TASK:
Return all lines from the listing below in which "phrase" appears.

SOURCE INFORMATION:
____________

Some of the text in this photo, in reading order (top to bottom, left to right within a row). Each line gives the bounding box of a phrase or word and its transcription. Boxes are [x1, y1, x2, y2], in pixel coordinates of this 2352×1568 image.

____________

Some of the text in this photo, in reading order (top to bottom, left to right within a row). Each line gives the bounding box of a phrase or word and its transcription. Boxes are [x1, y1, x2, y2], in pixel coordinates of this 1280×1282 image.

____________

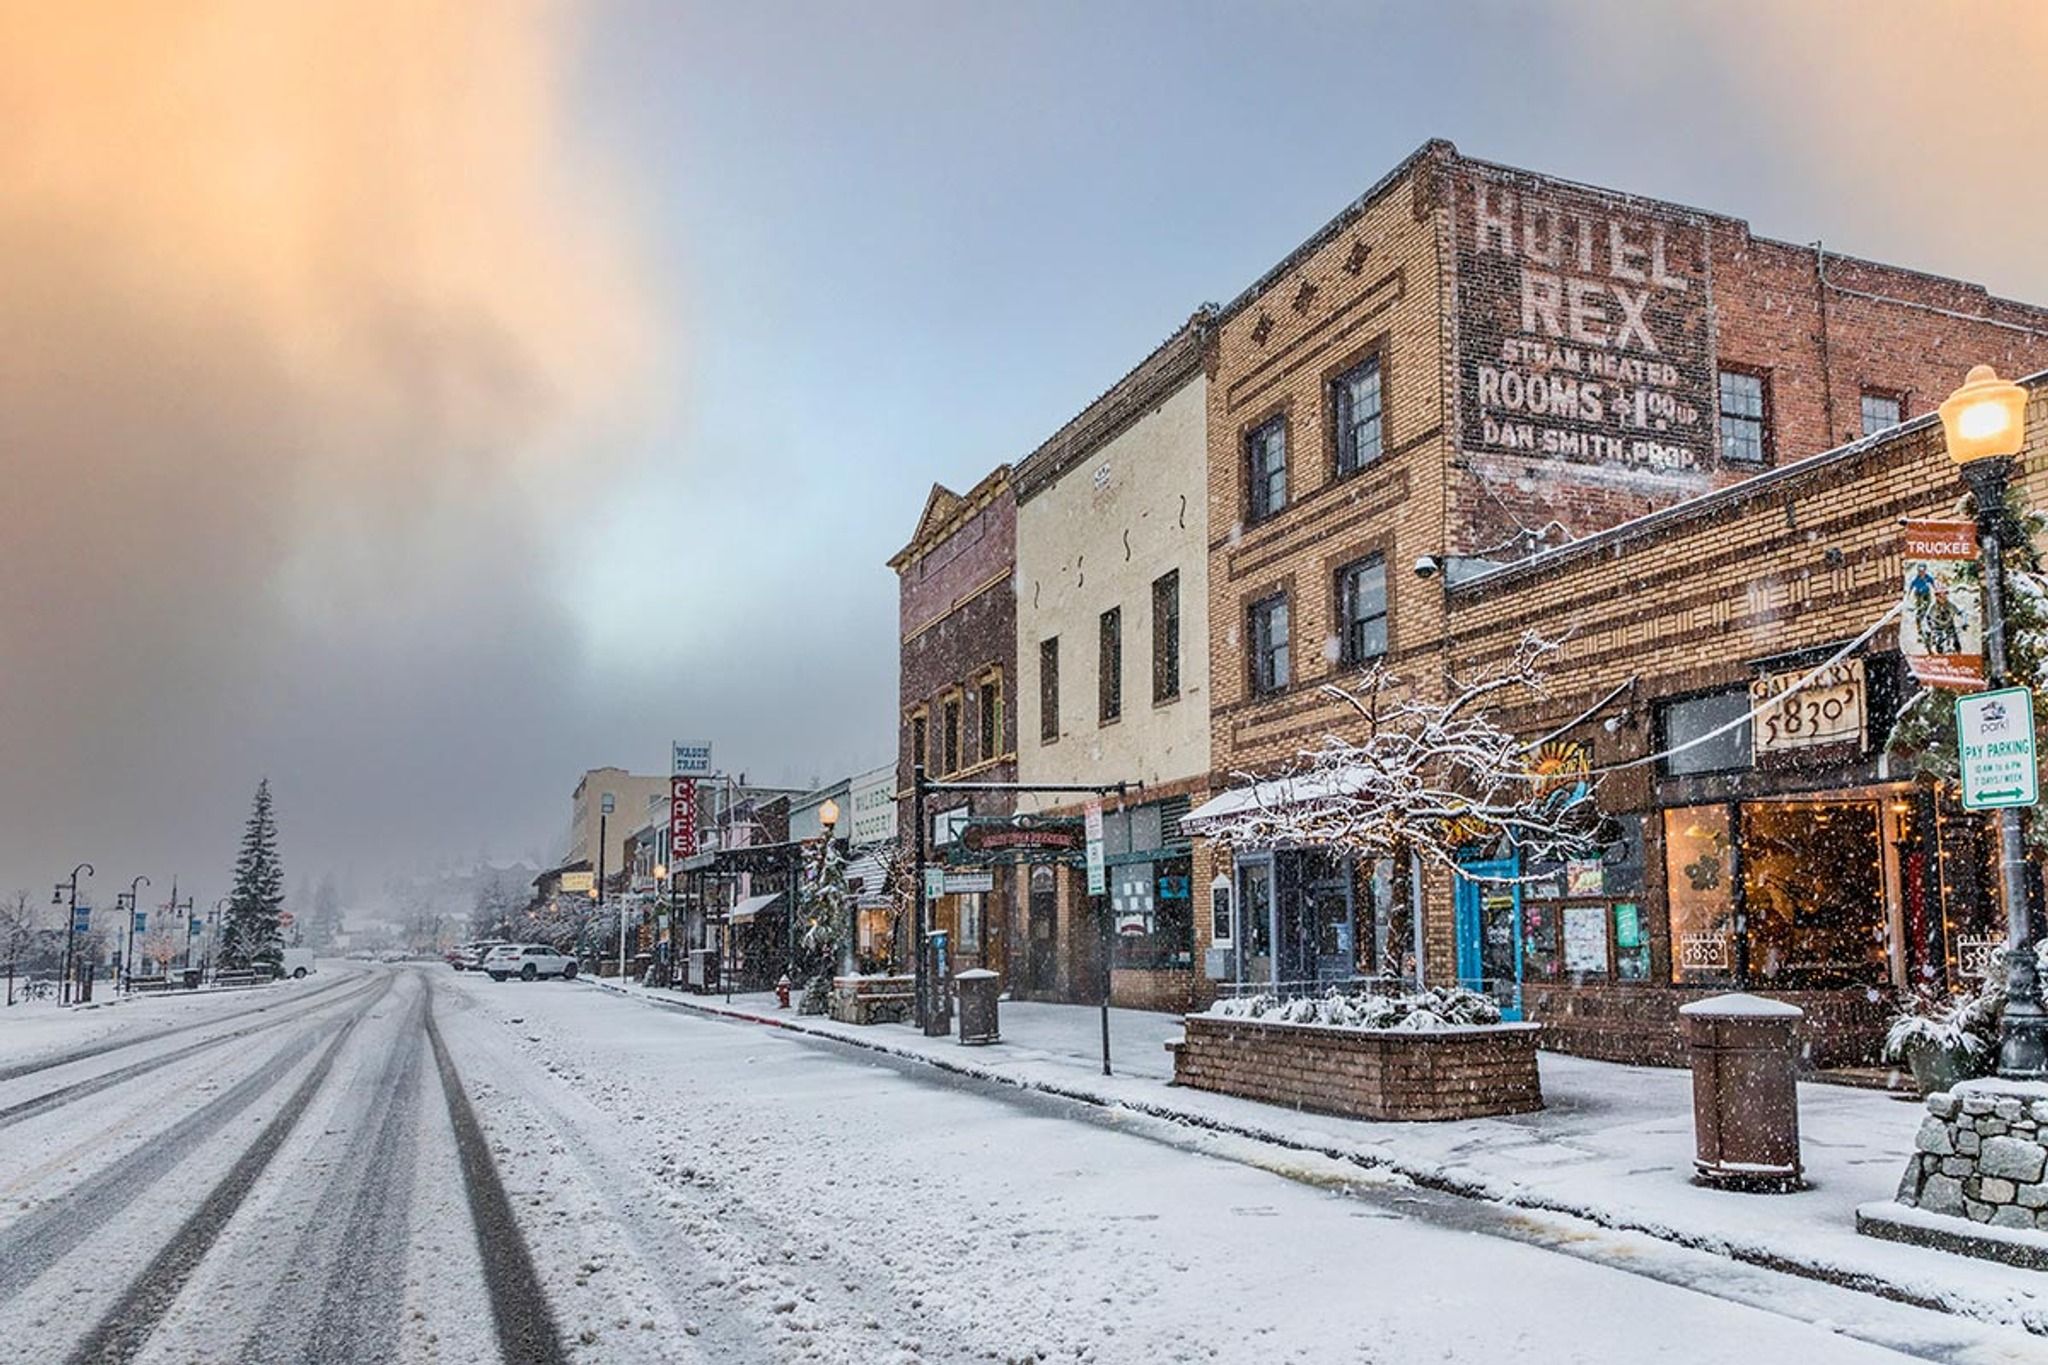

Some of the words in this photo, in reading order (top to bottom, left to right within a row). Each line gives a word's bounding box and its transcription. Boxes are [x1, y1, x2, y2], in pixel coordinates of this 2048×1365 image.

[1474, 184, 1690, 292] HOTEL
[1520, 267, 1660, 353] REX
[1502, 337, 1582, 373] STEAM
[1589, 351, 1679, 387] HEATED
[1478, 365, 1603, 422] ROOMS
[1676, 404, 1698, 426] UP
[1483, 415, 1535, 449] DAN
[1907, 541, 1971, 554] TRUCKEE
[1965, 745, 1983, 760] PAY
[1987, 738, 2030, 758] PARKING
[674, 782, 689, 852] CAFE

____________

TASK SOLUTION:
Some of the text in this photo, in reading order (top to bottom, left to right within a row). Each line gives the bounding box of a phrase or word and its transcription. Boxes are [x1, y1, x2, y2], in pixel coordinates of this 2352×1568 image.
Some of the text in this photo, in reading order (top to bottom, left to right within a row). Each line gives the bounding box of a phrase or word and its transcription. Boxes are [x1, y1, x2, y2], in pixel coordinates of this 1280×1282 image.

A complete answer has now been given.